Полная выплата долга грозила подорвать процесс восстановления экономики Британии, который только-только наметился и, как слабый весенний росток, пробивался сквозь землю. С другой стороны, если уж Великобритания не платит долгов, тогда и другие страны могли себе позволить подобное фривольное обращение с межправительственными финансовыми договоренностями. Задача существенно осложнялась тем, что американцы не хотели идти ни на малейшие уступки об отсрочке уплаты, сами находясь в условиях чудовищного кризиса.

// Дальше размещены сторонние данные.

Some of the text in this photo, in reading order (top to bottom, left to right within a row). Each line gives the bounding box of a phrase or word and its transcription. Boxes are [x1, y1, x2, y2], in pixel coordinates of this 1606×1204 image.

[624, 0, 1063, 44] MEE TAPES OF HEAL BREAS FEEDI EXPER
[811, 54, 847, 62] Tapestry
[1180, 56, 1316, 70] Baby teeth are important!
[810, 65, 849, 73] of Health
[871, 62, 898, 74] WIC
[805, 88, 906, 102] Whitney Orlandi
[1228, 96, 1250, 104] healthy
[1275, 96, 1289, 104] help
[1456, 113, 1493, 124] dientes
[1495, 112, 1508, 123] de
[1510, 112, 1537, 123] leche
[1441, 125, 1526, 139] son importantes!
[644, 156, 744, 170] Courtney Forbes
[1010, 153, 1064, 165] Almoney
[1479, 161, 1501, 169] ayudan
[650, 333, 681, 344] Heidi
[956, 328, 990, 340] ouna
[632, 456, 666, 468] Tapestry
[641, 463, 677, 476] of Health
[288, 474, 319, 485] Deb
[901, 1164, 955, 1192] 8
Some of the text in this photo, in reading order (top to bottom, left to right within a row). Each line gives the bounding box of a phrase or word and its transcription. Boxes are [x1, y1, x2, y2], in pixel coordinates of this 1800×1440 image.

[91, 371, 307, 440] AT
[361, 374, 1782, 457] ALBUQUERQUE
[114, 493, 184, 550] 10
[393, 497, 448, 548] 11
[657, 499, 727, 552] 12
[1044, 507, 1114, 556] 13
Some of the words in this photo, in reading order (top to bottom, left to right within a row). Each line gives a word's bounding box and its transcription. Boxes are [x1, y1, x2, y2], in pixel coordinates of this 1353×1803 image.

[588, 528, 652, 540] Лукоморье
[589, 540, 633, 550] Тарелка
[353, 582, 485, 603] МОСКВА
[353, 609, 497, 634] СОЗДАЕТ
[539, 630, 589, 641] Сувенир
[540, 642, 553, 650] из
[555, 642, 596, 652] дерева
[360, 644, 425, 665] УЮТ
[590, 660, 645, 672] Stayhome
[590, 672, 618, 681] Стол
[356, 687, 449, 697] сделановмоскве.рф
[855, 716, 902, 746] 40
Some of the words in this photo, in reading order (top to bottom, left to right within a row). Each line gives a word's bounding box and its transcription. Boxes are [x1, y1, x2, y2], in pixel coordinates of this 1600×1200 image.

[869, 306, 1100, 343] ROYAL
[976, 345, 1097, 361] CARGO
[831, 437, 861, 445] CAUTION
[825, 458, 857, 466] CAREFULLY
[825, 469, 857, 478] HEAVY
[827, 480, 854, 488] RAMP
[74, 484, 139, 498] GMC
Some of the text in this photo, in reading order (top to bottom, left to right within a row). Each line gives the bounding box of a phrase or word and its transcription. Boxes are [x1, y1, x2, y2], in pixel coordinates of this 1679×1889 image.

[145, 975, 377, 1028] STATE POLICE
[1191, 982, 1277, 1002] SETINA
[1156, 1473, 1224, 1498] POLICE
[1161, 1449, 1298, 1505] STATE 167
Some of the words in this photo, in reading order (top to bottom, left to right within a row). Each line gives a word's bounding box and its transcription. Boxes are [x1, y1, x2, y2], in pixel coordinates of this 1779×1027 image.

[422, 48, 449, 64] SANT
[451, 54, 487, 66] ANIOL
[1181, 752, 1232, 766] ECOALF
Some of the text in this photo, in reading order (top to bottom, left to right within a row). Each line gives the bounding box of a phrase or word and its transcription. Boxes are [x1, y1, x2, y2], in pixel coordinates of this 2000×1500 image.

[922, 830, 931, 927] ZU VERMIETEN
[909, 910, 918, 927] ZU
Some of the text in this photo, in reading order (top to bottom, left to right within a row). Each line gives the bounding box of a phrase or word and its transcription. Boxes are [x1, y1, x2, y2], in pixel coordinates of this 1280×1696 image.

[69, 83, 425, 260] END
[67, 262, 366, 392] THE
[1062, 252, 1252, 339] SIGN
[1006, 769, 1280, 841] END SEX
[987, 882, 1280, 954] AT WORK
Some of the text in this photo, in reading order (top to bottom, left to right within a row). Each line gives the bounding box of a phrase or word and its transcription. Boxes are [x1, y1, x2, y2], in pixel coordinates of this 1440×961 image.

К концу ноября Чемберлену передали хитроумный план американского министра финансов Огдена Миллза, который предлагал схему выведения английского долга из общих американских долговых обязательств с возможностью отсрочки, а также погашения задолженности в форме облигаций на трехлетний период. Схема эта прельщала особым статусом британских кредитов, но когда Чемберлен предложил расширить ее и для французской стороны тоже, американцы, ведущие эти тайные переговоры от лица министра финансов, категорически отказались. Таким образом, Франция, с которой были достигнуты и закреплены договоренности, а также заключено «джентльменское соглашение» в Лозанне, оставалась бы в совершенно бедственном положении с перспективой дефолта. Помимо прочего, это сокрушительно ударило бы по ее престижу на проходящей в это время Конференции по разоружению в Женеве. Также отказ Британии от выплаты долга теперь побудил бы такие страны, как Австралия, Аргентина и Германия, отказаться вовсе от каких-либо военных выплат[226].